[Data records]
==============================

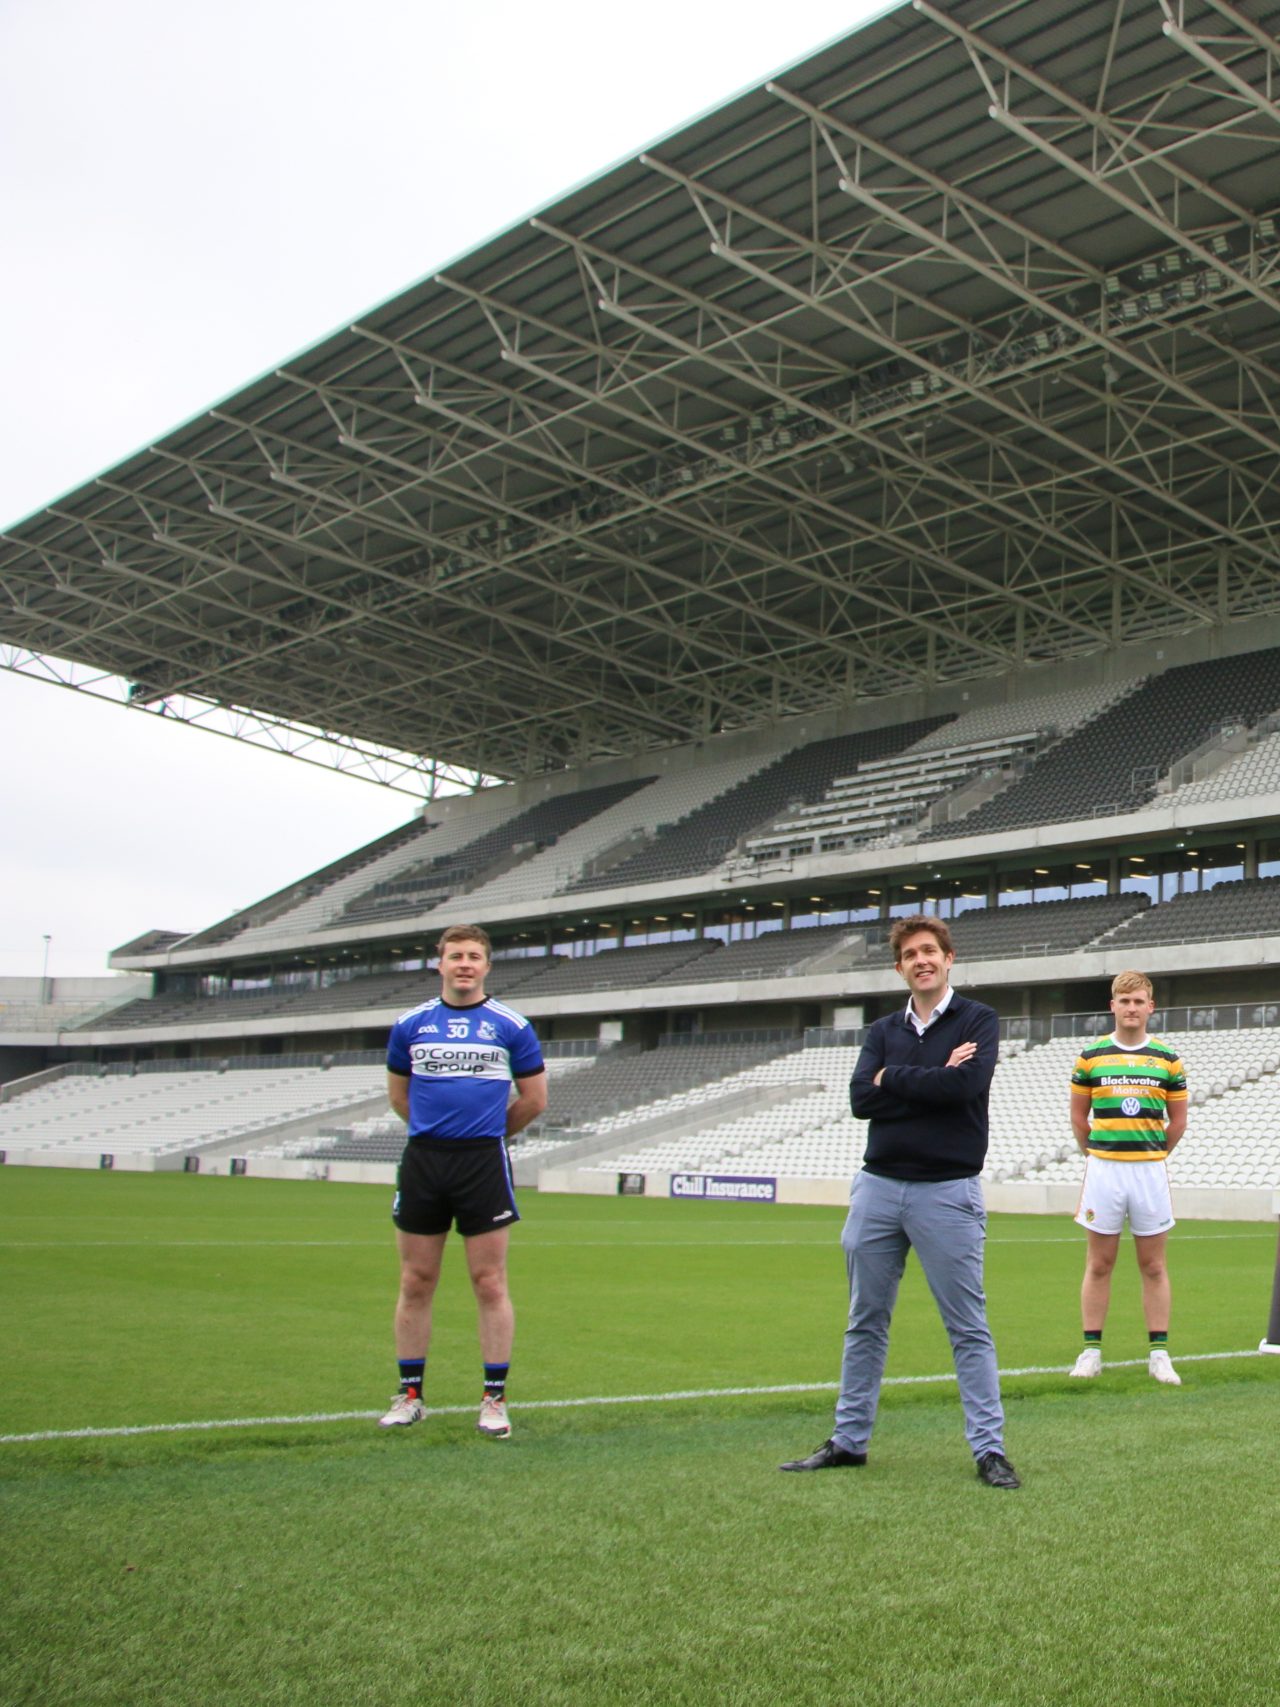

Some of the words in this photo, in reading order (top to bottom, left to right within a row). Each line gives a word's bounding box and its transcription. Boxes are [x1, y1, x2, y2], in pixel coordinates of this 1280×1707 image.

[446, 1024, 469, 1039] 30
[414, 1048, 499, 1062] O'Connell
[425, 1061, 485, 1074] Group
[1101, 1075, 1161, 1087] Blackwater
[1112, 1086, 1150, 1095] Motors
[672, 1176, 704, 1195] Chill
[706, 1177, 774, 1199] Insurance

==============================

▶ _Your objective_:
Please transcribe all of the entries word for word, with the pictures left out.

▶ _Exercise output_:
Some of the words in this photo, in reading order (top to bottom, left to right within a row). Each line gives a word's bounding box and its transcription. Boxes are [x1, y1, x2, y2], in pixel coordinates of this 1280×1707 image.

[446, 1024, 469, 1039] 30
[414, 1048, 499, 1062] O'Connell
[425, 1061, 485, 1074] Group
[1101, 1075, 1161, 1087] Blackwater
[1112, 1086, 1150, 1095] Motors
[672, 1176, 704, 1195] Chill
[706, 1177, 774, 1199] Insurance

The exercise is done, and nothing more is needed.